かなりゆったりとした正方形の部屋の中には白いシーツが敷かれたシングルベッドが一つと十分な大きさのクローゼット、加えてロッキングチェアまでおまけでついていた。家具には埃が積もっているだけで全体的にきれいだった。ジョンスの好みであれこれ揃えればすぐにでも夢に見たスイートホームが完成しそうだった。ただ一つ、納得いかないとするれば窓だった。
「どうして窓に釘を打っているんですか」
「それは、」
「使ってない部屋だからこうなってるんですよ。あ、昔は…この家の持ち主がこの窓から飛び降りて自殺したとか。違うな、倉庫に使っていたんだけど泥棒が入るかと思って釘を打ったみたいだね。それでもないかな、家を建てた人が元々窓を作ろうとしたわけじゃないのに間違ってここに穴を開けちゃったみたい。あ~、よくわかんないや」
彼はそれまでの態度から変わってちょっと口ごもって適当にやりすごそうとした。
「開けないでください。絶対に」
でたらめな話を終えるときつく言い放った。
「はい?はぁ…」
「それと昼に家にいるときは絶対カーテンを開けないでください。とにかく、光が入ったらだダメだっていうことです」
彼は神経過敏な病人のように部屋の中をあっちこっち行ったり来たりして規則を口早に伝えた。
「ジョンスさんが部屋の中で何をしても関係ありません。但し、日光を入れることは許されません。あ、それとそうですね。あの上!!」
主人は窓の外を指差した。どう考えても窓の外に見える屋敷の端を指差しているようだった。
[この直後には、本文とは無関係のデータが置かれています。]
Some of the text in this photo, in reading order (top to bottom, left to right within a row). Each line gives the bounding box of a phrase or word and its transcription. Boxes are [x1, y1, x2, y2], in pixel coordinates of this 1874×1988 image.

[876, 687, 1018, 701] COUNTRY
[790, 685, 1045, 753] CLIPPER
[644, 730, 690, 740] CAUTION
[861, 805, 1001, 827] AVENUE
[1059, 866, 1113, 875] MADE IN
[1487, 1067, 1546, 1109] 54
「この屋敷の端に塔が一つあるんですが、そこには絶対に登らないで」
「なんでですか」
「なんでかって?なんでかって言えば…そこはうちの金庫だからです。大切なものがいっぱいあるので自分でもあまり行かないようにしてるし。ねずみ一匹でも入り込んだら大変なことになるから」
ジョンスは矢継ぎばやの説明にまるでお人形のように頷くことしかできなかった。昼にカーテンを開けるなということと塔に登るなという二つの説明を除いたら残りは重要でない取るに足らない条件だった。しかし、その二つの決まりは絶対に破ってはいけないという禁止事項で何度か繰り返し確認したものだった。この家の不思議な雰囲気に適応するためにジョンスは主人の不思議な精神世界を理解しようと努めた。ジョンスは主人の言うことを必ず守ると約束した。
「それじゃ、疲れたと思うから休んでください」
「あ、ちょっと待ってください!」
主人は妙に生気の薄れた瞳でジョンスを静かに見つめた。ジョンスはゴクッと唾を呑んだ。
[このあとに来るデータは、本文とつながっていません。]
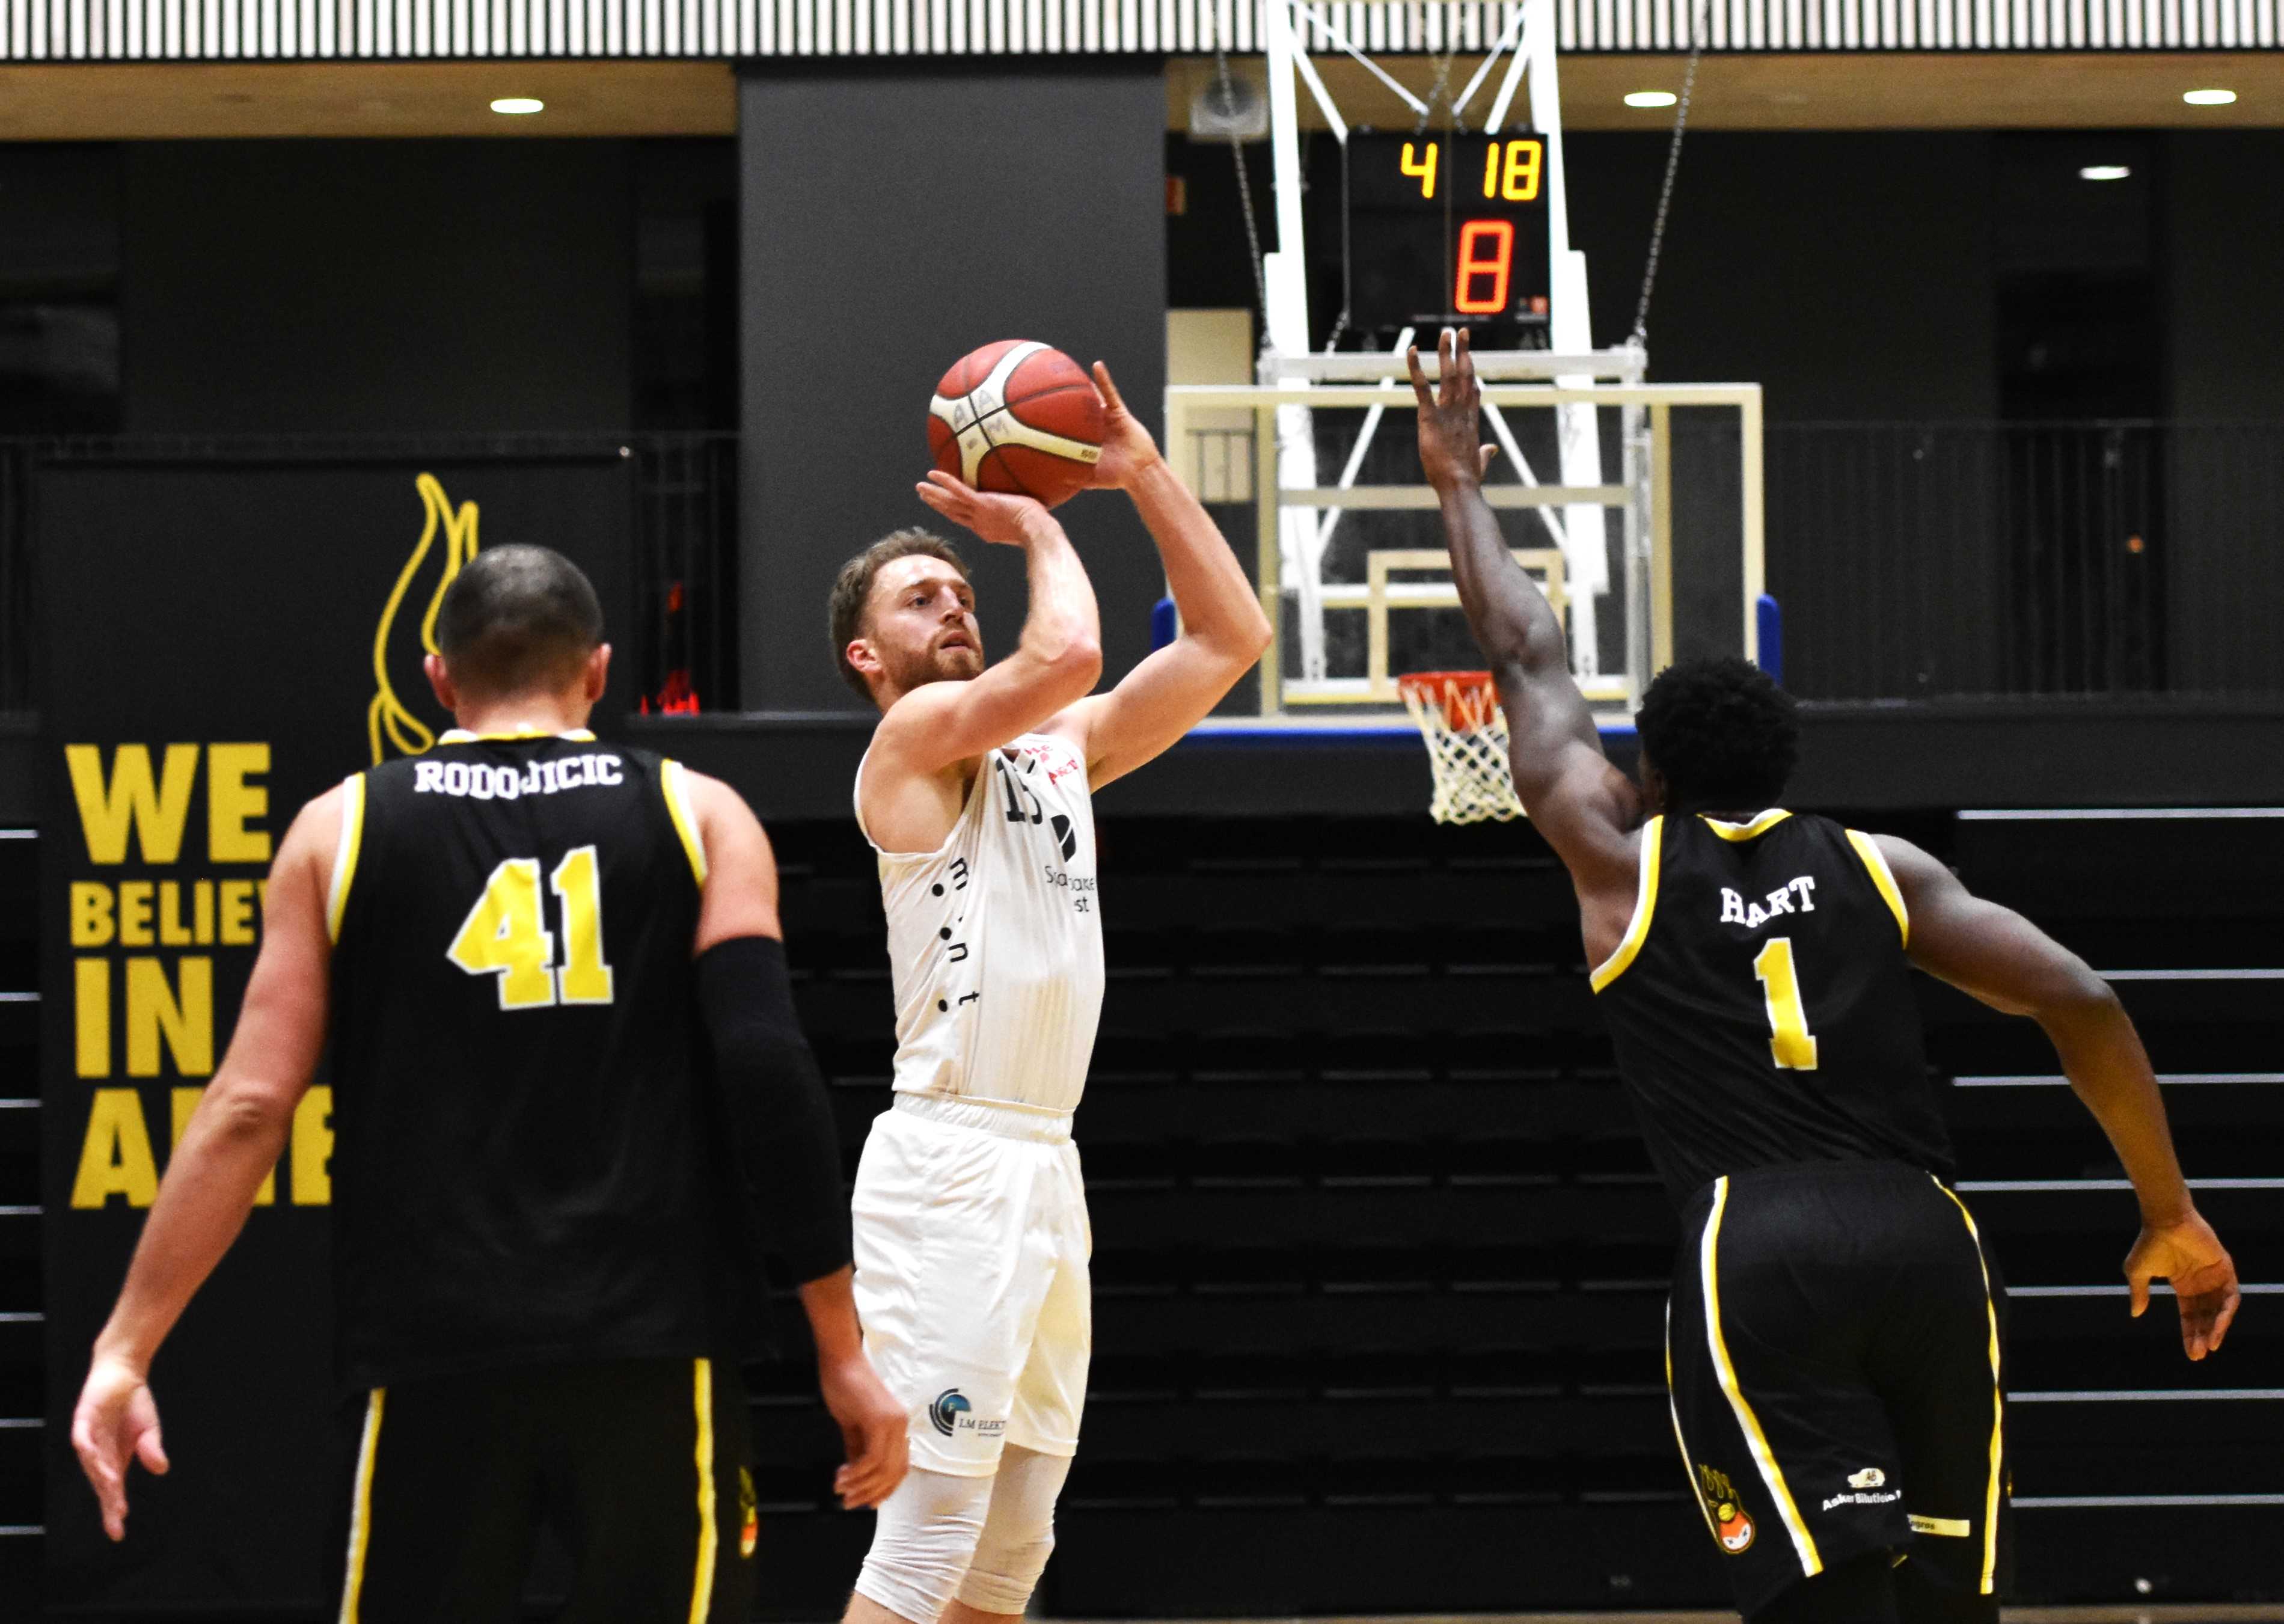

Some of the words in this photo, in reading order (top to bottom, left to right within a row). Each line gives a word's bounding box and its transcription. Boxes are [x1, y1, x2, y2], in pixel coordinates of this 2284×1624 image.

[1401, 142, 1437, 198] 4
[1484, 141, 1542, 200] 18
[1454, 220, 1513, 314] 8
[65, 743, 272, 864] WE
[414, 754, 623, 800] RODOJICIC
[70, 880, 269, 948] BELIE
[445, 844, 614, 1011] 41
[1720, 876, 1815, 928] HART
[75, 957, 213, 1078] IN
[1753, 937, 1817, 1070] 1
「すみませんが…まだお名前をお聞きしてないんです。なんとお呼びすれば…」
慌てていたせいでやって来てからこれといった呼び方をしていなかったのだ。すると主人の口に笑みが浮かんだ。
「そうだな。名前があまりにも多くて」
すると腕組みを解いて片方の手であごの辺りを掻いた。天井を見つめて悩んでいる姿はたった今、自分に名前をつけようとしているようだった。ジョンスが彼の予想外の行動に唖然として眉間にしわを寄せた。
「韓国での名前はヒチョルっていいます」
「あ、はい…ヒチョルさん」
彼はもしかしたら外国生活をしていたのかもしれない。ジョンスは彼の年齢も気になったが答えを聞くのにまた何分掛かるかわからないのでやめておいた。なんとなく自分と同じ年頃に見えたし、とりあえずこの家が気に入ったので少しずつ訊いていくのも悪くないと思った。
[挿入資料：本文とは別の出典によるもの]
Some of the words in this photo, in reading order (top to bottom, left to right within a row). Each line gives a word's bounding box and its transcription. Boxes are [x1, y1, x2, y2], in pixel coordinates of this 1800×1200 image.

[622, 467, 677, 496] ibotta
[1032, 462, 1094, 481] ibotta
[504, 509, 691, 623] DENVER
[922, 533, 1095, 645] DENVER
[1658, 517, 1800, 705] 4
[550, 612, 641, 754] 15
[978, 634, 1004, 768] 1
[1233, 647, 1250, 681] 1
「ところでさっきご家族もいるっておっしゃいませんでしたか」
「もちろんですよ。さぁ、挨拶させますから」
ヒチョルはくりくりした目でじっとジョンスを見てくすっと笑った。暗闇の中で彼の歯が異様に光っていた。ヒチョルはドアを静かに閉めて出て行った。すると緊張が解けたジョンスは足の力が抜けてよろよろと歩いてベッドに横たわった。窓がなくてちょっと窮屈かもしれないが大丈夫だ。天井がこんなに高いんだから。
夜には荷物を整理しないと、と思って携帯を取り出した。地方にいる両親に新しい家に到着したと連絡をして、何人かの友達にソウルに戻ってきたとメールを打とうとしたがやめてしまった。引っ越して早々呼び出されて飲み会に行くにはちょっと疲れていた。何よりも屋敷のあちこちを見て回りたいと思ったのだ。博物館とかあるいは昔の宮殿を探検するようにわくわくした。ジョンスはベッドに寝転がったまま伸びをしてすっきりすると、ふと寒気を感じた。今が真夏だということをすっかり忘れていた。
「冷房入れてるのかな?何でこの家はこんなに寒いんだ」
結局、寒さに耐えられず布団をかぶってへへっと笑った。屋敷の主人ヒチョル。敬語を使わなかったのはひょっとしたら元々そういう性格なのかもしれないし、仲良くなろうという意思表示なのかもしれない。また、もしかしたら元々横柄な性格なのかもしれない。まるで飼っている灰色の猫のようでもあった。そして彼が言っていた家族というのはどんな人達なのか、急に心がくすぐられた。